The most fascinating thing about these organelle genomes is not that they have shed many genes they no longer need, as those functions are provided by the nucleus, but the real kicker is that so many genes for their maintenance & operation are now found in the nucleus. Over evolutionary time, genes have somehow migrated from one genome to another. For metazoan mitochondria, the effect is striking: only a tiny number of genes remain (human mitochondrial DNA is <20kb>100Kb were either viruses or complete plant chloroplast genomes, so there was some real data to ponder -- my first flicker of genomics interest.

One strong argument for the endosymbiont hypothesis is an unusual alga with the appropriate name Cyanophora paradoxa, which has chloroplast-like structures called cyanelles -- but the cyanelles retain rudimentary peptidoglycan walls -- just like the cyanobacteria postulated to be the predecessors of chloroplasts. Another strong argument is that for a set of enzymes found both in organelle and cytoplasm, in most cases the organellar isozyme treed with bacterial enzymes (and in the right group: proteobacteria for mitochondrial enzymes, cyanobacteria for chloroplast ones). Even the exceptions are interesting, such as a few known examples where alternative transcripts can generate the appropriate signals to lead to cytoplasmic or organellar targeting.

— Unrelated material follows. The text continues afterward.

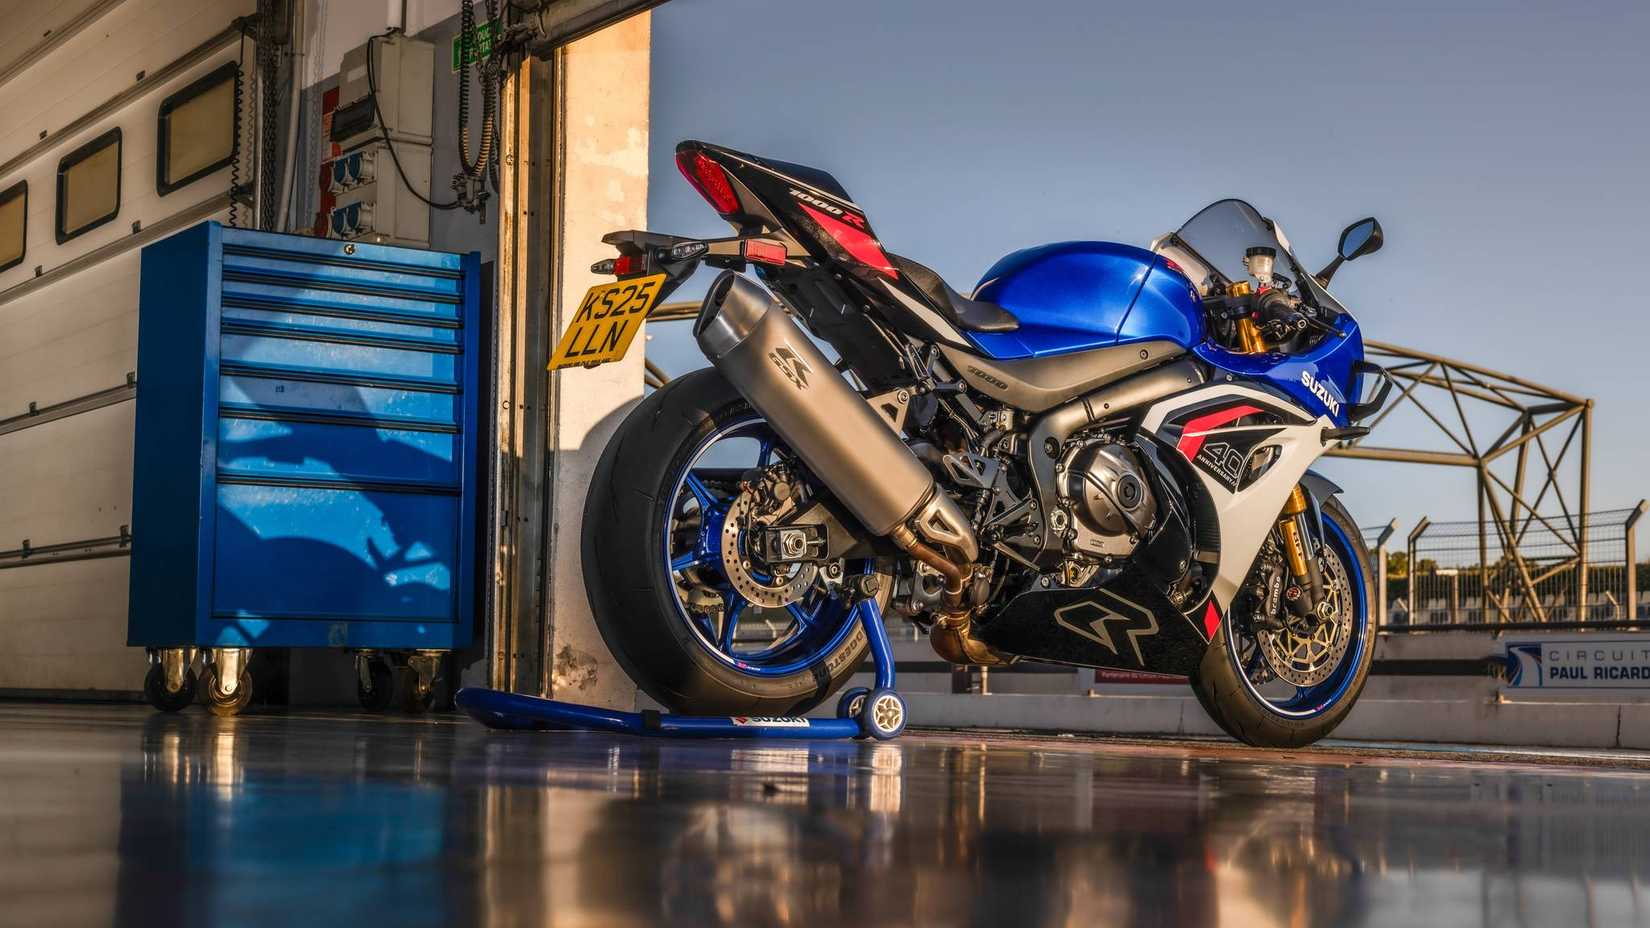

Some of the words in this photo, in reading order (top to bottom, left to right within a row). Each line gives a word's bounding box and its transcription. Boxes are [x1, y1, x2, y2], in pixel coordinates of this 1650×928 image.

I hadn't really kept up closely with the field after that (not for lack of interest: one graduate posting I considered was on a Cyanophora sequencing project at Penn State). So it was neat when I spotted a mini-review in Current Biology on the current state of things. What is interesting, and new to me, is that the Arabidopsis sequencing effort had revealed that nuclear-encoded proteins of chloroplastic origin covered a wide spectrum of metabolism and not just chloroplast-specific functions. What is interesting in the newer work is that Cyanophora does not share this pattern: here nuclear-encoded genes of chloroplast origin are strongly restricted to functioning in the chloroplast.

Things get even wierder in some other unicellular creatures, which executed secondary captures: they captured as endosymbionts eukaryotes which had already captured endosymbionts.

The same issue contains some back-and-forth arguing over the distinction between organelles and endosymbionts, which I don't care to take a stand on, but they illustrate another case I wasn't very familiar with: a sponge which has apparently taken in an algal boarder. If we can figure the mechanisms out & replicate them, the applications might enable some people to truly be 'in the green' and 'looking green around the gills' will take on a whole new meaning!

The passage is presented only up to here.